Dlaczego Miedzi idzie tak źle, a Widzewowi dobrze? – Nie mam pojęcia, dlaczego w Miedzi jest tak źle, bo nie ma mnie w Legnicy. Sprowadzono tam wielu nowych zawodników i może potrzeba więcej czasu. U nas trzon się nie zmienił i stąd nasza siła – powiedział.
Oczywiście to gospodarze są faworytami piątkowego meczu w Sercu Łodzi (godzina 20.30). – Nie przywiązujemy do tego wagi.

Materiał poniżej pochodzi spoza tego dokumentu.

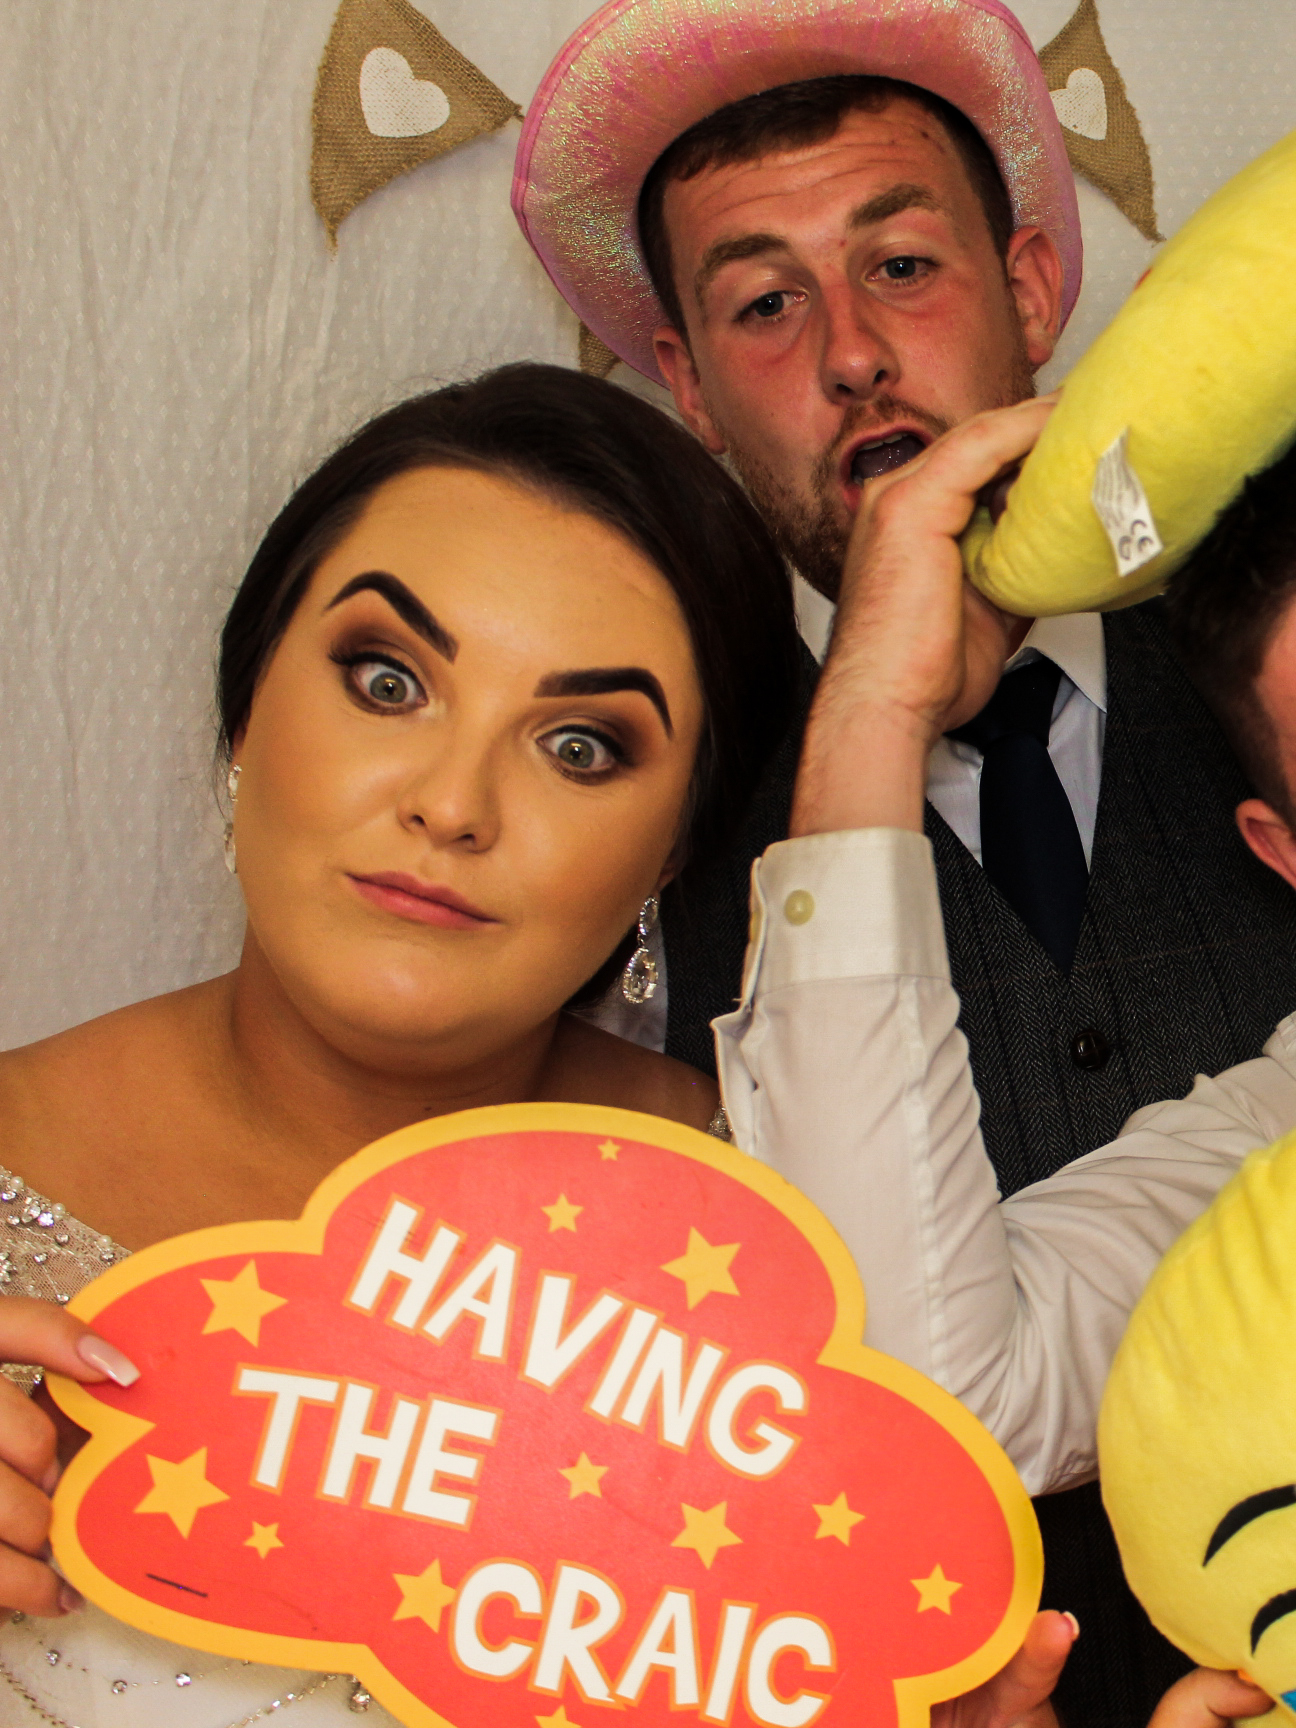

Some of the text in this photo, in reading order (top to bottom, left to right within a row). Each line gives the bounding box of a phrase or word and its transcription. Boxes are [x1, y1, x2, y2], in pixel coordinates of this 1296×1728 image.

[347, 1197, 807, 1478] HAVING
[236, 1367, 498, 1527] THE
[452, 1560, 834, 1728] CRAIC

Po prostu chcemy wygrywać i zaprezentować się jak najlepiej – zapewnia piłkarz.
Zieliński wypchnął ze składu Karola Danielaka, ale rywalizacja cały czas trwa i to na wszystkich pozycjach. – Trener ma twardy orzech do zgryzienia. To jest właśnie naszą siłą, że ktokolwiek wskoczy do składu, to nie obniża poziomu. Wszyscy prezentujemy wysoką formę i dzięki temu jesteśmy tak wysoko w tabeli – uważa widzewiak.
CZYTAJ TEŻ: Trener Widzewa bez emocji: „Chłodna głowa, pokora i praca”
W aż siedmiu meczach tego sezonu czerwono-biało-czerwoni nie stracili gola. – Za obronę odpowiadają wszyscy, nie tylko defensywni gracze. Zaczyna się od napastników, więc chwalić za to trzeba cały zespół – twierdzi Zieliński.
I dodaje: – W ogóle czujemy się pewnie na boisku. Mamy wypracowane automatyzmy, ale doskonalimy je stale i chcemy być coraz lepiej.